• _TASK DIRECTIONS_
Output the entries below exactly as written, omitting pictures.

PROVIDED DATA Block Start

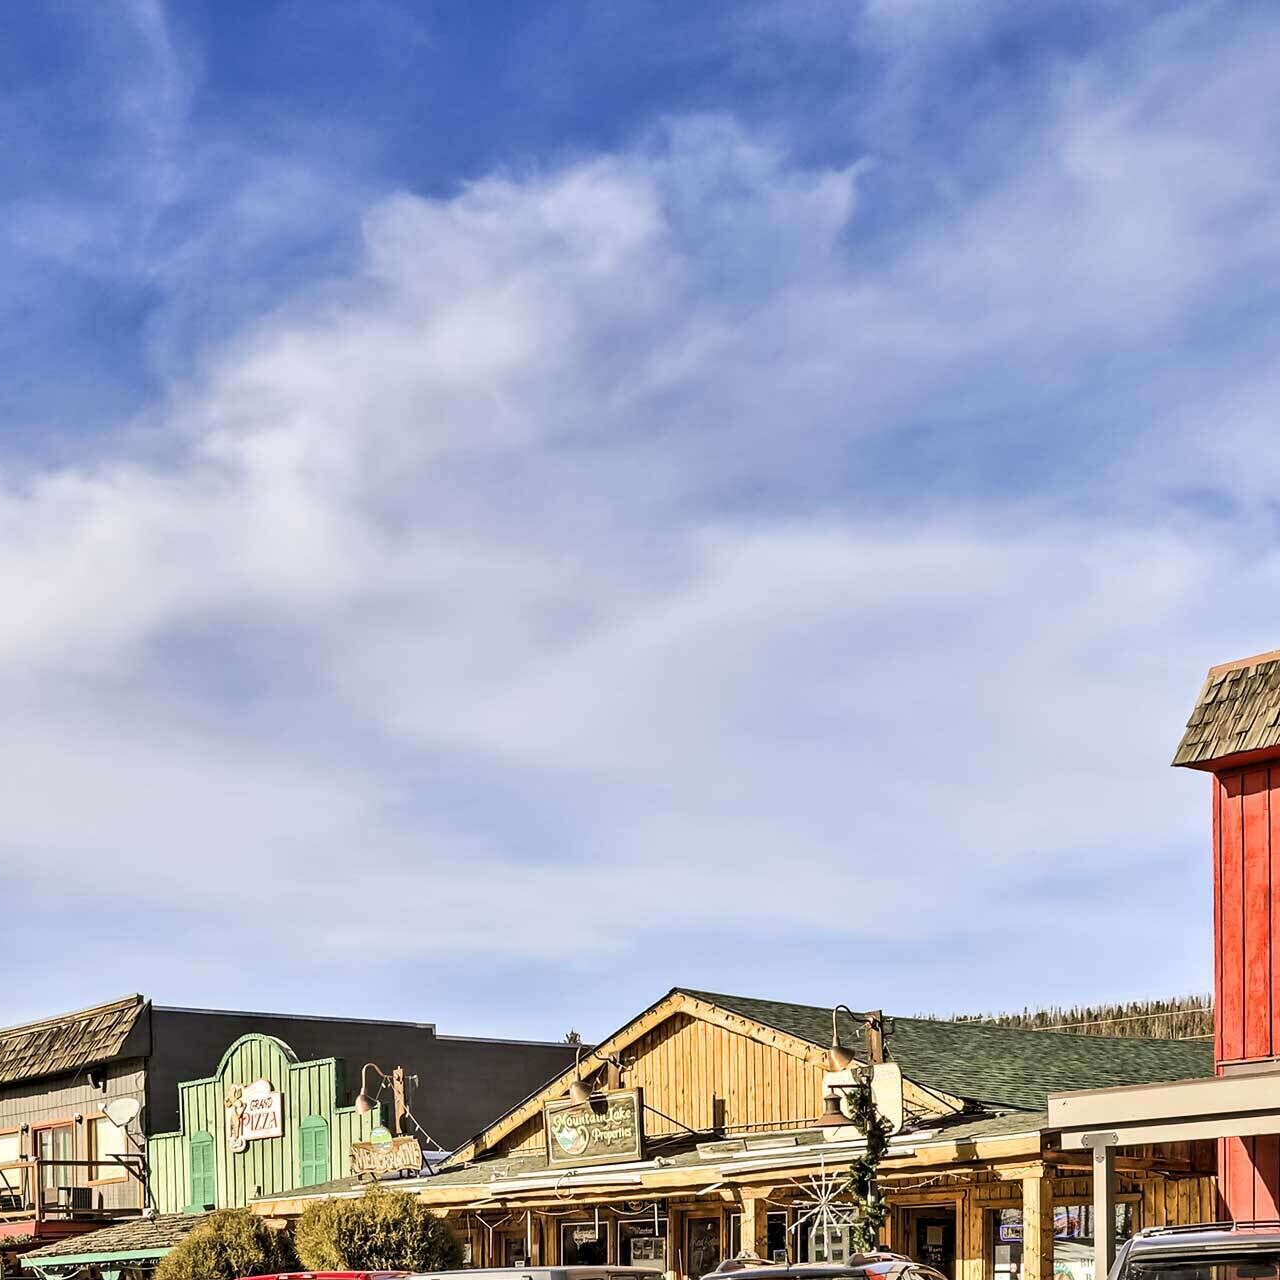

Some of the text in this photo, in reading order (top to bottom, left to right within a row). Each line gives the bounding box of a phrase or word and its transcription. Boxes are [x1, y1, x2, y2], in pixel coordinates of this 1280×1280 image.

[250, 1096, 273, 1111] GRAND
[240, 1111, 278, 1136] PIZZA
[552, 1104, 632, 1127] Mountain Lake
[591, 1126, 632, 1146] Properties
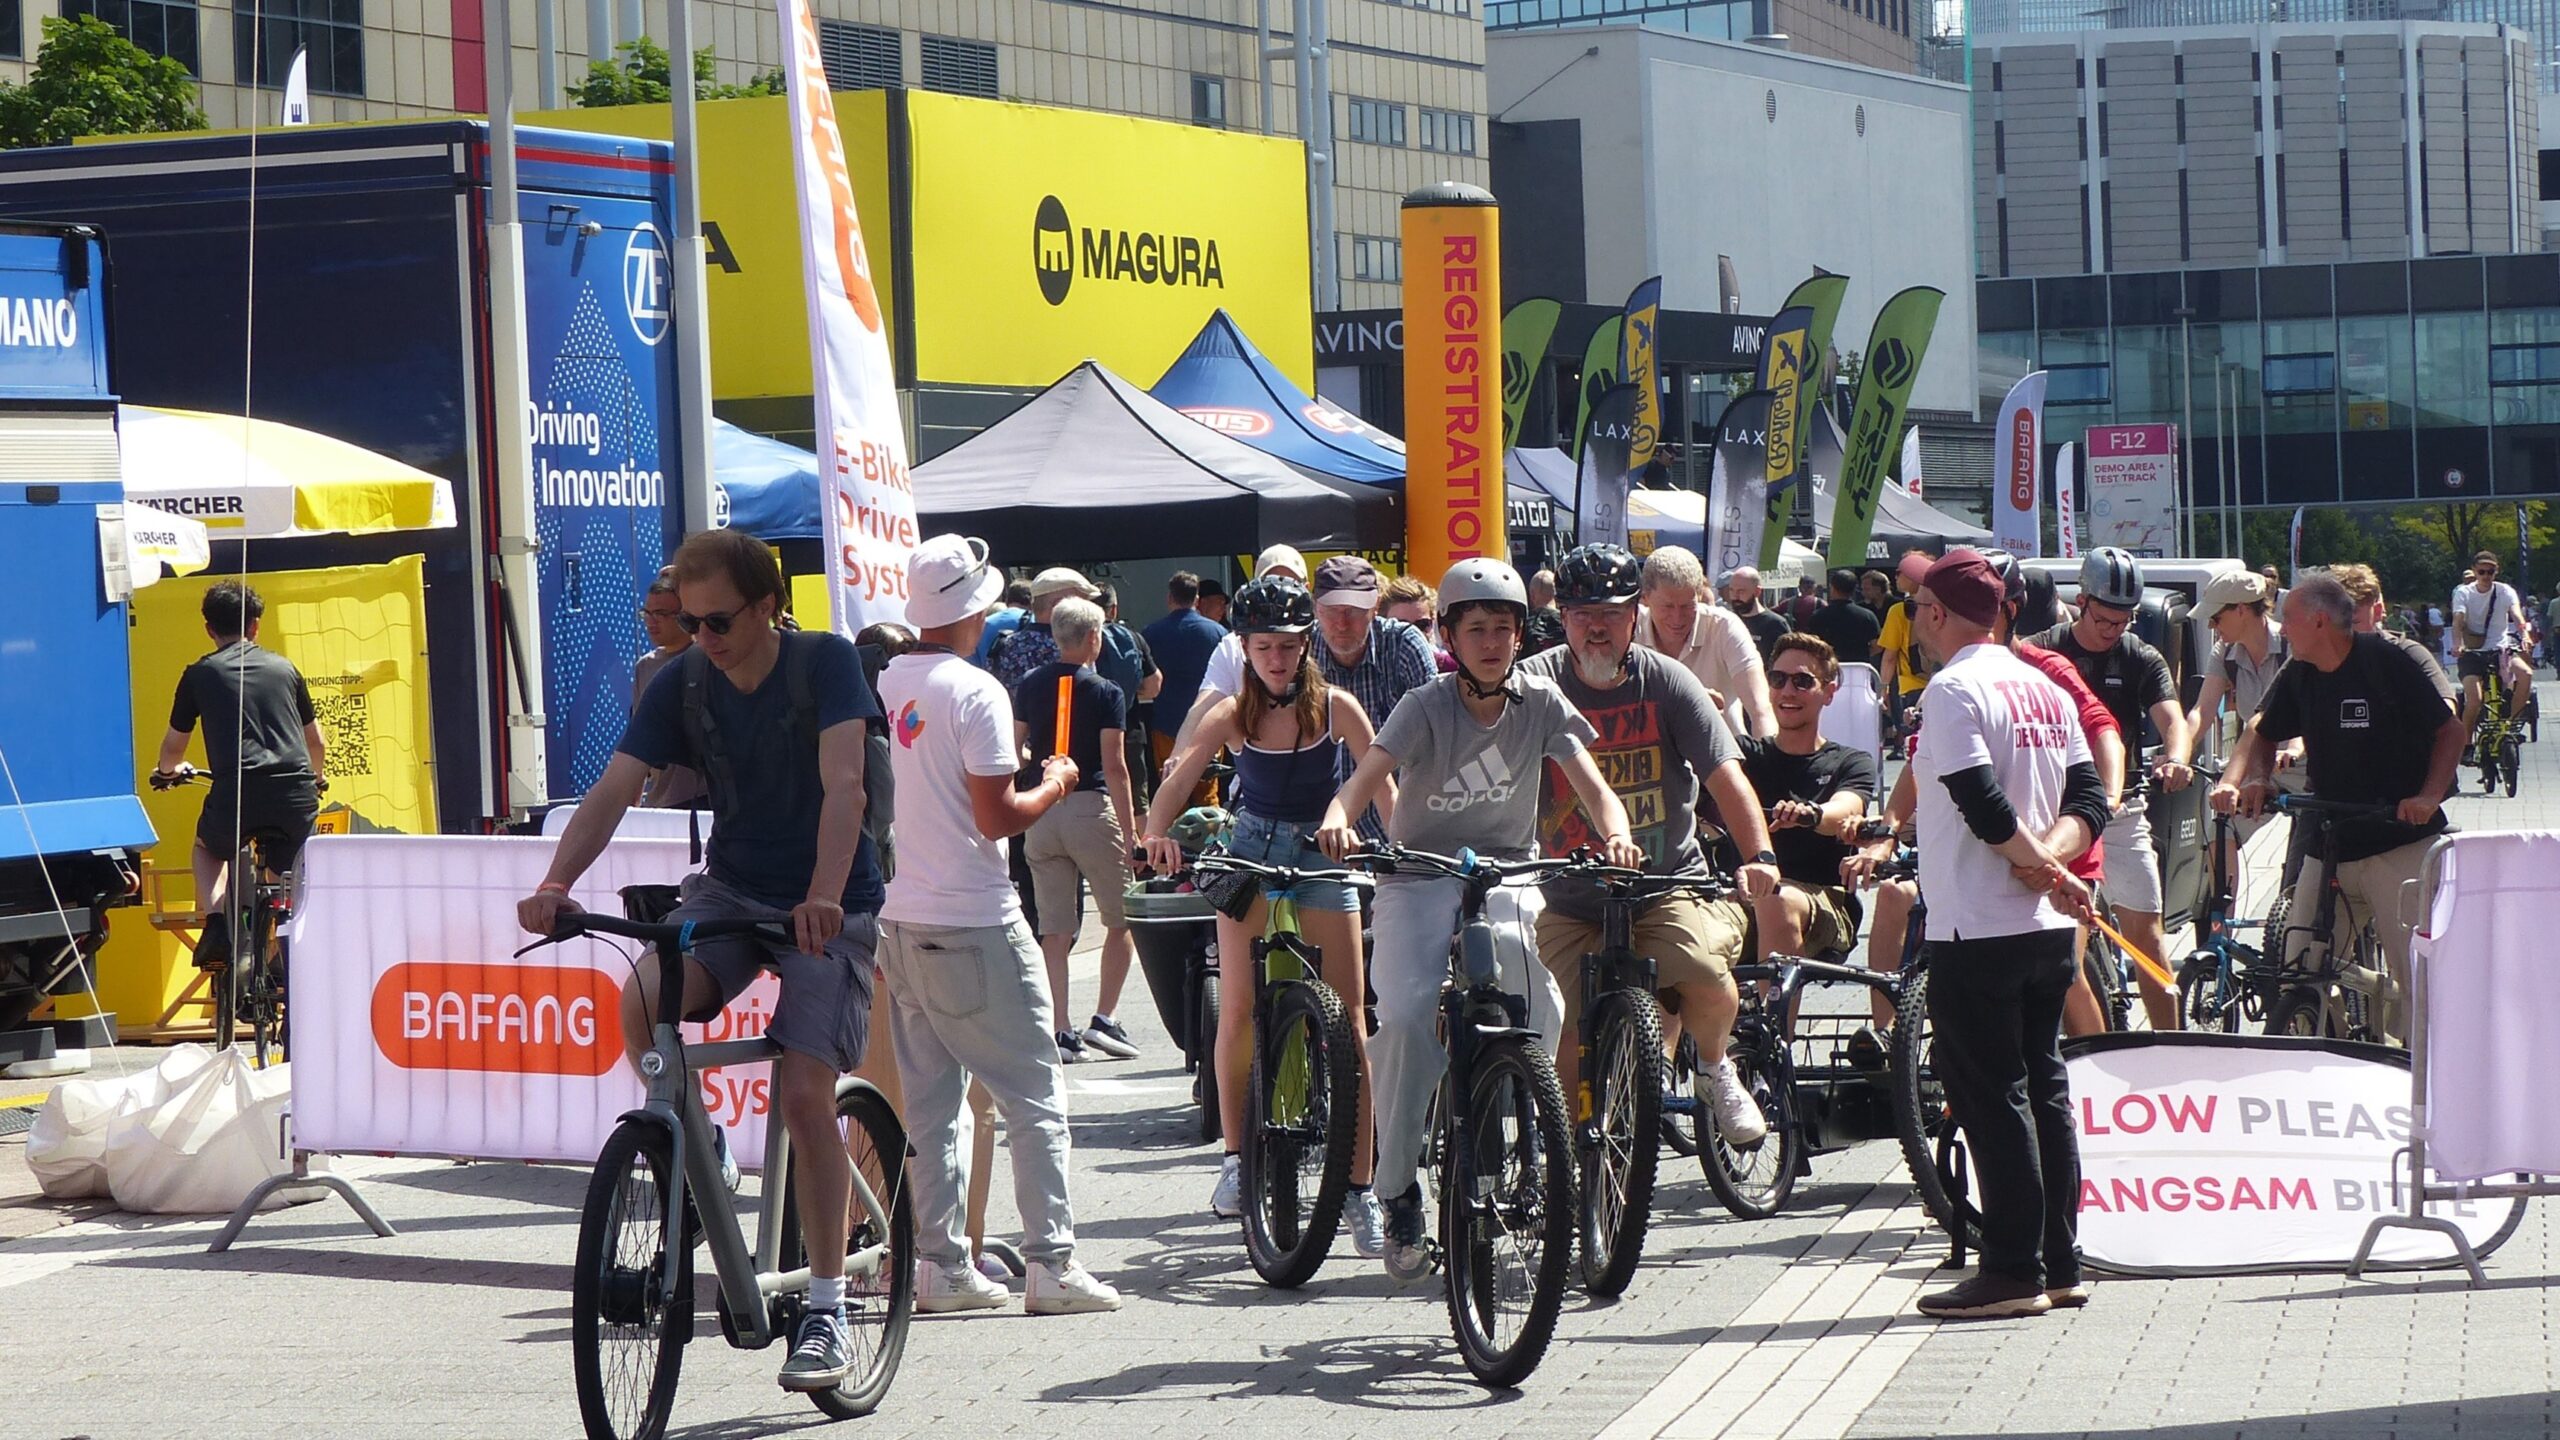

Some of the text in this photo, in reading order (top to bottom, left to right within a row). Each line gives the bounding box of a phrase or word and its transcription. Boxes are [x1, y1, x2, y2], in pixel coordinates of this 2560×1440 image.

[1081, 227, 1225, 289] MAGURA
[1443, 236, 1482, 560] REGISTRATIO
[529, 401, 600, 456] Driving
[1594, 421, 1630, 440] LAX
[1725, 428, 1765, 446] LAX
[2110, 431, 2146, 449] F12
[541, 458, 665, 508] Innovation
[835, 435, 911, 496] E-Bike
[2018, 420, 2030, 499] BAFANG
[2094, 464, 2125, 473] DEMO
[2127, 463, 2156, 472] AREA
[2095, 473, 2157, 483] TEST TRACK
[1993, 680, 2067, 725] TEAM
[404, 991, 595, 1046] BAFANG
[2067, 1094, 2218, 1135] LOW

PROVIDED DATA Block End

• _WRITTEN SOLUTION_
Some of the text in this photo, in reading order (top to bottom, left to right within a row). Each line gives the bounding box of a phrase or word and its transcription. Boxes are [x1, y1, x2, y2], in pixel coordinates of this 1280×1280 image.

[250, 1096, 273, 1111] GRAND
[240, 1111, 278, 1136] PIZZA
[552, 1104, 632, 1127] Mountain Lake
[591, 1126, 632, 1146] Properties

Some of the text in this photo, in reading order (top to bottom, left to right within a row). Each line gives the bounding box of a phrase or word and its transcription. Boxes are [x1, y1, x2, y2], in pixel coordinates of this 2560×1440 image.

[1081, 227, 1225, 289] MAGURA
[1443, 236, 1482, 560] REGISTRATIO
[529, 401, 600, 456] Driving
[1594, 421, 1630, 440] LAX
[1725, 428, 1765, 446] LAX
[2110, 431, 2146, 449] F12
[541, 458, 665, 508] Innovation
[835, 435, 911, 496] E-Bike
[2018, 420, 2030, 499] BAFANG
[2094, 464, 2125, 473] DEMO
[2127, 463, 2156, 472] AREA
[2095, 473, 2157, 483] TEST TRACK
[1993, 680, 2067, 725] TEAM
[404, 991, 595, 1046] BAFANG
[2067, 1094, 2218, 1135] LOW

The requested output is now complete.